Dataset entries
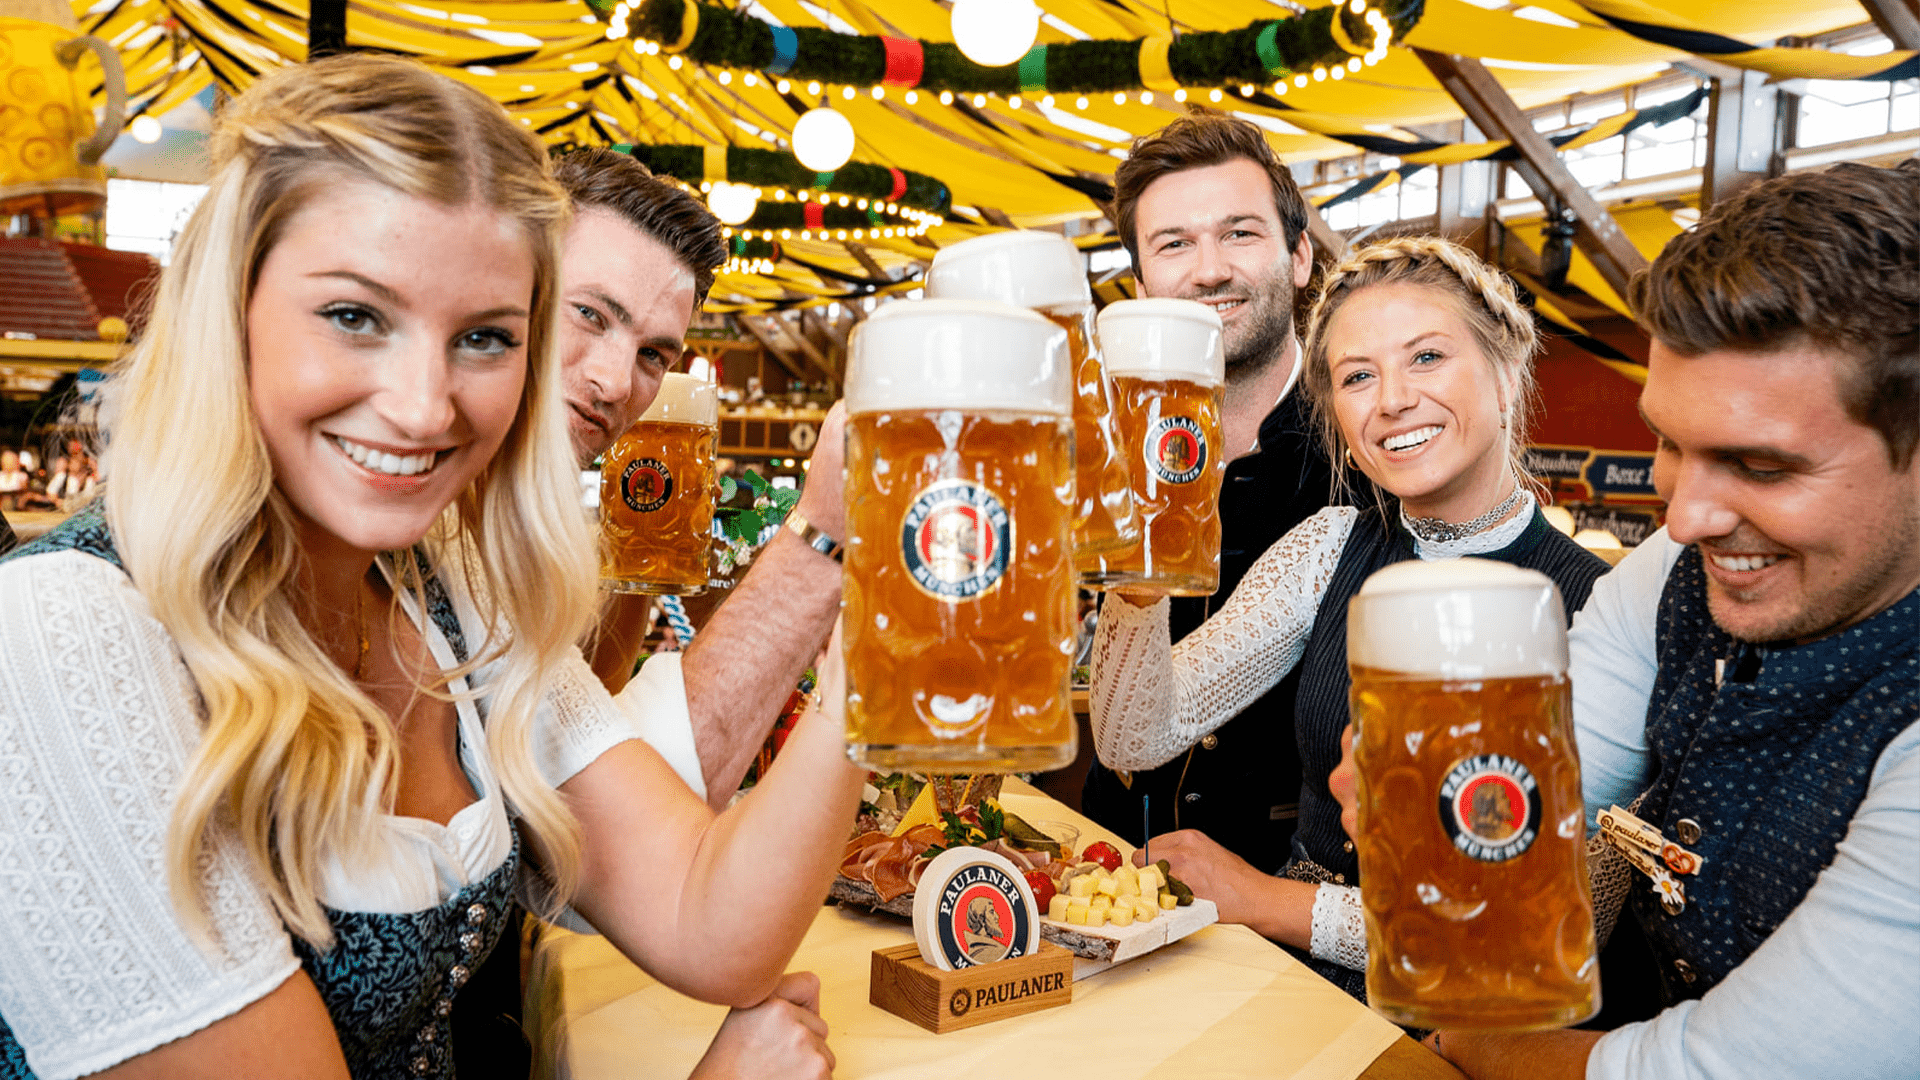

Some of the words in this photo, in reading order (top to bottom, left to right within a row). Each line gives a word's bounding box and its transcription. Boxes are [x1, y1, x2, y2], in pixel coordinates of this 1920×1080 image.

[623, 460, 671, 480] PAULANER
[905, 487, 1007, 528] PAULANER
[1441, 753, 1536, 799] PAULANER
[940, 867, 1020, 916] PAULANER
[975, 971, 1065, 1008] PAULANER

Work to complete: Output the data above verbatim, pictures excluded.

Task response:
Some of the words in this photo, in reading order (top to bottom, left to right within a row). Each line gives a word's bounding box and its transcription. Boxes are [x1, y1, x2, y2], in pixel coordinates of this 1920×1080 image.

[623, 460, 671, 480] PAULANER
[905, 487, 1007, 528] PAULANER
[1441, 753, 1536, 799] PAULANER
[940, 867, 1020, 916] PAULANER
[975, 971, 1065, 1008] PAULANER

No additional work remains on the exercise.